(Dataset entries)
──────────────────────────────

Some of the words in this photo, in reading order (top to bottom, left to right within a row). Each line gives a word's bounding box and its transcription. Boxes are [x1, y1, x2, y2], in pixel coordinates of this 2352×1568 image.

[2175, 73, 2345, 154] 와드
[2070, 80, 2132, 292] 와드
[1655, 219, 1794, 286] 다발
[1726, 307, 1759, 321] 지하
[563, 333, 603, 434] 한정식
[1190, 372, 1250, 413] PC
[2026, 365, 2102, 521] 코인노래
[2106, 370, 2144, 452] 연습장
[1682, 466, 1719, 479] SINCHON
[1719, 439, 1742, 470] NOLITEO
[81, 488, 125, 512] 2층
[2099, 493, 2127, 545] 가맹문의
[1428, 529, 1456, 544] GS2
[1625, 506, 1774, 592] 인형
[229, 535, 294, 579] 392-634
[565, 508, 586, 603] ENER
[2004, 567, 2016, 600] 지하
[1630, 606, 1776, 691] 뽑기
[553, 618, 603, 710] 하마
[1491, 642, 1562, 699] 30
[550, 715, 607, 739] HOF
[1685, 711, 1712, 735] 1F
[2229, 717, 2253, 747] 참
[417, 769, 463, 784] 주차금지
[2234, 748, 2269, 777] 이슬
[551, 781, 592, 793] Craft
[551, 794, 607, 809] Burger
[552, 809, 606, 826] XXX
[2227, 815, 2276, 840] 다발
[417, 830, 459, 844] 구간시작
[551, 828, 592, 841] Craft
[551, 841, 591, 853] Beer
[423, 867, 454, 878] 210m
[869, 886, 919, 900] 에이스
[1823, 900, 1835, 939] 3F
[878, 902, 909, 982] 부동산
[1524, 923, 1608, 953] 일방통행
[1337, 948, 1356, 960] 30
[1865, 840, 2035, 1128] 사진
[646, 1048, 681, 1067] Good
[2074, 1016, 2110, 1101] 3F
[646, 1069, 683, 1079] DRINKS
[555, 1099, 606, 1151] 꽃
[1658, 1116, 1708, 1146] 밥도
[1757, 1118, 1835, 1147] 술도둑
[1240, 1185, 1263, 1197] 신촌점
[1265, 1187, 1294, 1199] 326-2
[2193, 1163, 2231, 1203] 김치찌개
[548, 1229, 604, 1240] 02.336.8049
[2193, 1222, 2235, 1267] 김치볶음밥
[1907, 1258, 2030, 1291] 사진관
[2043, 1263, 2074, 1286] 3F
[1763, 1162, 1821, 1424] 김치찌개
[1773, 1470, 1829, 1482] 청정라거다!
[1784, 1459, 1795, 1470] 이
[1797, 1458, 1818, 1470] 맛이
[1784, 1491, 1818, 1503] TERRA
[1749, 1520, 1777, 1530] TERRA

──────────────────────────────

## [What the task asks]
The required result is a verbatim copy of all the entries.

## [Finished exercise]
Some of the words in this photo, in reading order (top to bottom, left to right within a row). Each line gives a word's bounding box and its transcription. Boxes are [x1, y1, x2, y2], in pixel coordinates of this 2352×1568 image.

[2175, 73, 2345, 154] 와드
[2070, 80, 2132, 292] 와드
[1655, 219, 1794, 286] 다발
[1726, 307, 1759, 321] 지하
[563, 333, 603, 434] 한정식
[1190, 372, 1250, 413] PC
[2026, 365, 2102, 521] 코인노래
[2106, 370, 2144, 452] 연습장
[1682, 466, 1719, 479] SINCHON
[1719, 439, 1742, 470] NOLITEO
[81, 488, 125, 512] 2층
[2099, 493, 2127, 545] 가맹문의
[1428, 529, 1456, 544] GS2
[1625, 506, 1774, 592] 인형
[229, 535, 294, 579] 392-634
[565, 508, 586, 603] ENER
[2004, 567, 2016, 600] 지하
[1630, 606, 1776, 691] 뽑기
[553, 618, 603, 710] 하마
[1491, 642, 1562, 699] 30
[550, 715, 607, 739] HOF
[1685, 711, 1712, 735] 1F
[2229, 717, 2253, 747] 참
[417, 769, 463, 784] 주차금지
[2234, 748, 2269, 777] 이슬
[551, 781, 592, 793] Craft
[551, 794, 607, 809] Burger
[552, 809, 606, 826] XXX
[2227, 815, 2276, 840] 다발
[417, 830, 459, 844] 구간시작
[551, 828, 592, 841] Craft
[551, 841, 591, 853] Beer
[423, 867, 454, 878] 210m
[869, 886, 919, 900] 에이스
[1823, 900, 1835, 939] 3F
[878, 902, 909, 982] 부동산
[1524, 923, 1608, 953] 일방통행
[1337, 948, 1356, 960] 30
[1865, 840, 2035, 1128] 사진
[646, 1048, 681, 1067] Good
[2074, 1016, 2110, 1101] 3F
[646, 1069, 683, 1079] DRINKS
[555, 1099, 606, 1151] 꽃
[1658, 1116, 1708, 1146] 밥도
[1757, 1118, 1835, 1147] 술도둑
[1240, 1185, 1263, 1197] 신촌점
[1265, 1187, 1294, 1199] 326-2
[2193, 1163, 2231, 1203] 김치찌개
[548, 1229, 604, 1240] 02.336.8049
[2193, 1222, 2235, 1267] 김치볶음밥
[1907, 1258, 2030, 1291] 사진관
[2043, 1263, 2074, 1286] 3F
[1763, 1162, 1821, 1424] 김치찌개
[1773, 1470, 1829, 1482] 청정라거다!
[1784, 1459, 1795, 1470] 이
[1797, 1458, 1818, 1470] 맛이
[1784, 1491, 1818, 1503] TERRA
[1749, 1520, 1777, 1530] TERRA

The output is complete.